2. **Entities straddle cells:** An entity's position is defined by which cell it occupies (`cx`, `cy`) plus how far into that cell it is (`xr`, `yr`).
3. **Velocity is in grid-ratio units:** Movement deltas (`dx`, `dy`) represent fractions of a cell per step, not raw pixels.
4. **Collisions are grid lookups:** Instead of testing sprite bounds against geometry, the engine checks the grid cells an entity is about to enter.
---
## Part 1: Basics
### The Grid
The level is a 2D array where each cell is either empty or solid. A constant defines the cell size in pixels:
```haxe
static inline var GRID = 16;
```
Collision data is stored as a simple 2D boolean or integer map:
```haxe
// Check if a grid cell is solid
function hasCollision(cx:Int, cy:Int):Bool {
// Look up cell value in the level data
return level.getCollision(cx, cy) != 0;
}
```
### Entity Positioning: Dual Coordinates
Every entity tracks its position using four values:
| Variable | Type | Description |
|----------|------|-------------|
| `cx` | Int | Cell X coordinate (which column the entity is in) |
| `cy` | Int | Cell Y coordinate (which row the entity is in) |
| `xr` | Float | X ratio within the cell, range 0.0 to 1.0 |
| `yr` | Float | Y ratio within the cell, range 0.0 to 1.0 |
An entity at `cx=5, cy=3, xr=0.5, yr=1.0` is horizontally centered in cell (5,3) and sitting on the bottom edge.
### Converting to Pixel Coordinates
To render the entity, convert grid coordinates to pixel positions:
```haxe
// Pixel position for rendering
var pixelX : Float = (cx + xr) * GRID;
var pixelY : Float = (cy + yr) * GRID;
```
This produces smooth, sub-pixel-precise positions for rendering even though the collision system operates on discrete grid cells.
### Velocity and Movement
Velocity is expressed in **cell-ratio units per fixed-step** (not pixels per frame):
```haxe
var dx : Float = 0; // Horizontal velocity (cells per step)

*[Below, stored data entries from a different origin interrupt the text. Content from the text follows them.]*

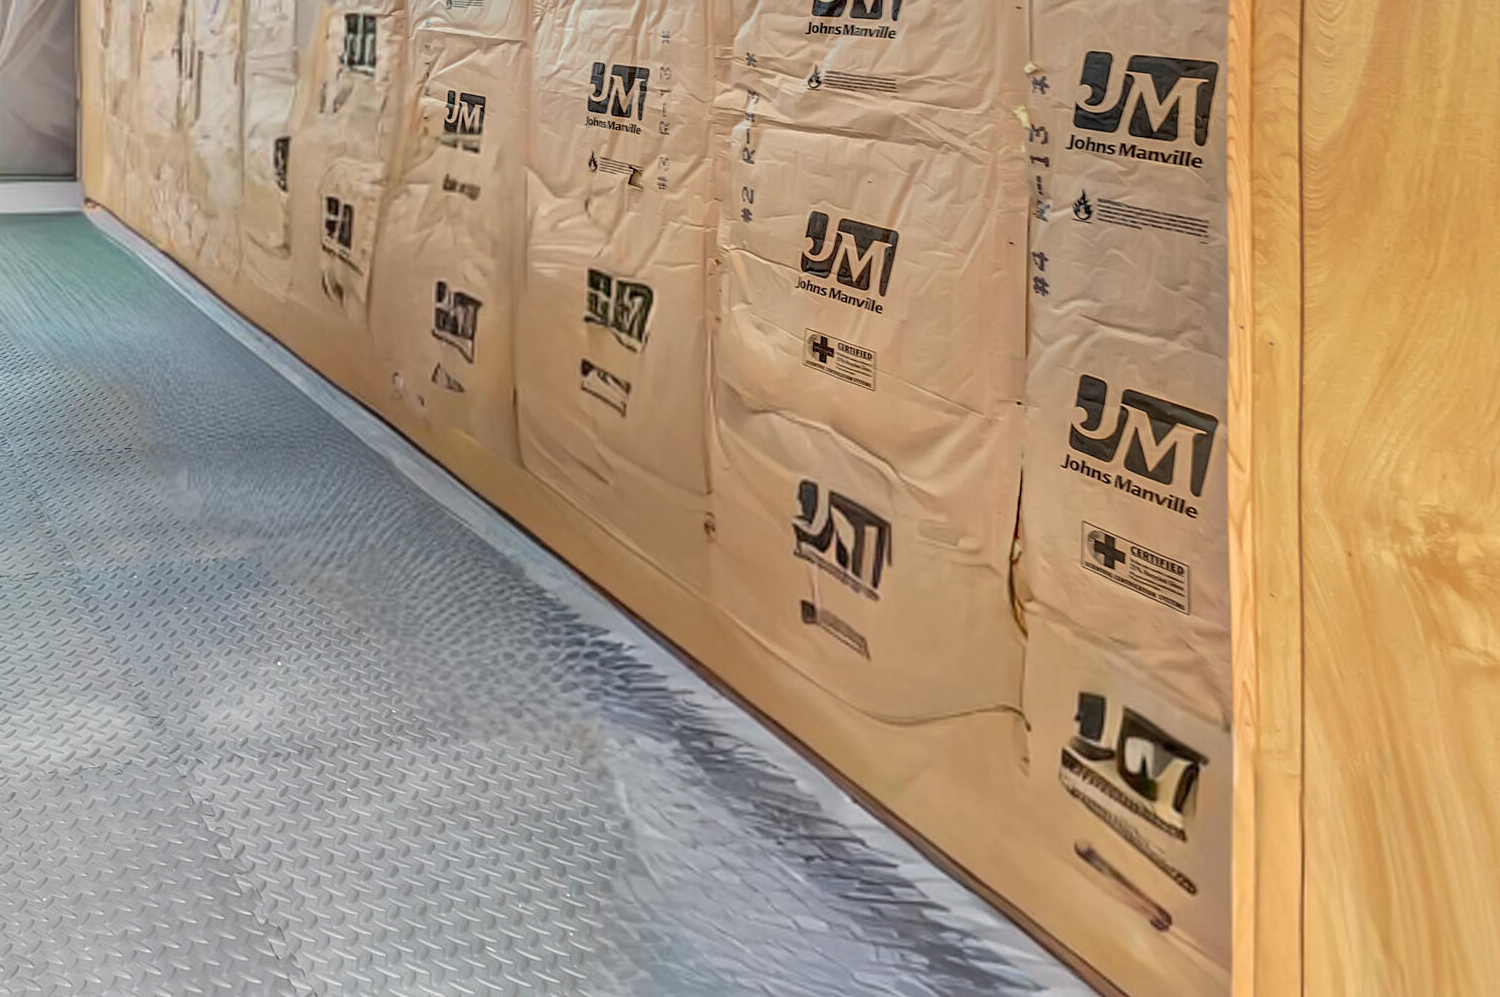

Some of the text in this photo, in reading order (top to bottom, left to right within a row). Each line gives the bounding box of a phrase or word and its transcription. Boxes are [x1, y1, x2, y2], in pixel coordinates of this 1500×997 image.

[805, 22, 897, 39] Johns Manville
[587, 62, 650, 121] JM
[1073, 51, 1219, 146] JM
[444, 90, 486, 135] JM
[585, 116, 607, 129] Johns
[1066, 134, 1204, 168] Johns Manville
[740, 186, 755, 223] #2
[801, 211, 899, 297] JM
[795, 276, 884, 314] Johns Manville
[837, 343, 873, 361] CERTIFIED
[1069, 374, 1219, 497] JM
[1060, 454, 1199, 519] Johns Manville
[1130, 545, 1185, 576] CERTIFIED

var dy : Float = 0; // Vertical velocity (cells per step)
```
Each fixed-step update, velocity is added to the ratio:
```haxe
// Apply horizontal movement
xr += dx;
// Apply vertical movement
yr += dy;
```
### Cell Overflow
When the ratio exceeds the 0..1 range, the entity has moved into an adjacent cell:
```haxe
// X overflow
while (xr > 1) { xr--; cx++; }
while (xr < 0) { xr++; cx--; }
// Y overflow
while (yr > 1) { yr--; cy++; }
while (yr < 0) { yr++; cy--; }
```
### Friction
Friction is applied as a multiplier each step, decaying velocity toward zero:
```haxe
var frictX : Float = 0.82; // Horizontal friction (0 = instant stop, 1 = no friction)

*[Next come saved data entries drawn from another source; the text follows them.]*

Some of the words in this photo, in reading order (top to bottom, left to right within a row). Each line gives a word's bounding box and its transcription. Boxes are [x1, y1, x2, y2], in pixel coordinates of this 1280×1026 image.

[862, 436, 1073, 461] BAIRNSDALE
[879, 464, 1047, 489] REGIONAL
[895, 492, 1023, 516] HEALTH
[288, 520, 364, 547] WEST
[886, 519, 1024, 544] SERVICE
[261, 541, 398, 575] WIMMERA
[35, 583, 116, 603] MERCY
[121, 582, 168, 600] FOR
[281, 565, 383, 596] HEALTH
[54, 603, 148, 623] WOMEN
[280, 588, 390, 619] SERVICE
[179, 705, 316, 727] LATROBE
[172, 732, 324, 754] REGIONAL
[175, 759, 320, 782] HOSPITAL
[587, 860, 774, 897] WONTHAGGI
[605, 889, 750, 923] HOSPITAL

var frictY : Float = 0.82; // Vertical friction
// Applied each step after movement
dx *= frictX;
dy *= frictY;
// Clamp very small values to zero
if (Math.abs(dx) < 0.0005) dx = 0;
if (Math.abs(dy) < 0.0005) dy = 0;
```
Typical friction values:
- `0.82` -- Standard ground friction (responsive, quick stop)
- `0.94` -- Ice or slippery surface (slow deceleration)
- `0.96` -- Air friction (very slow horizontal deceleration)
### Gravity
Gravity is a constant added to `dy` each step:
```haxe
static inline var GRAVITY = 0.05; // In cell-ratio units per step^2
// In fixedUpdate:
dy += GRAVITY;
```
Since `dy` accumulates and friction is applied, the entity reaches a natural terminal velocity.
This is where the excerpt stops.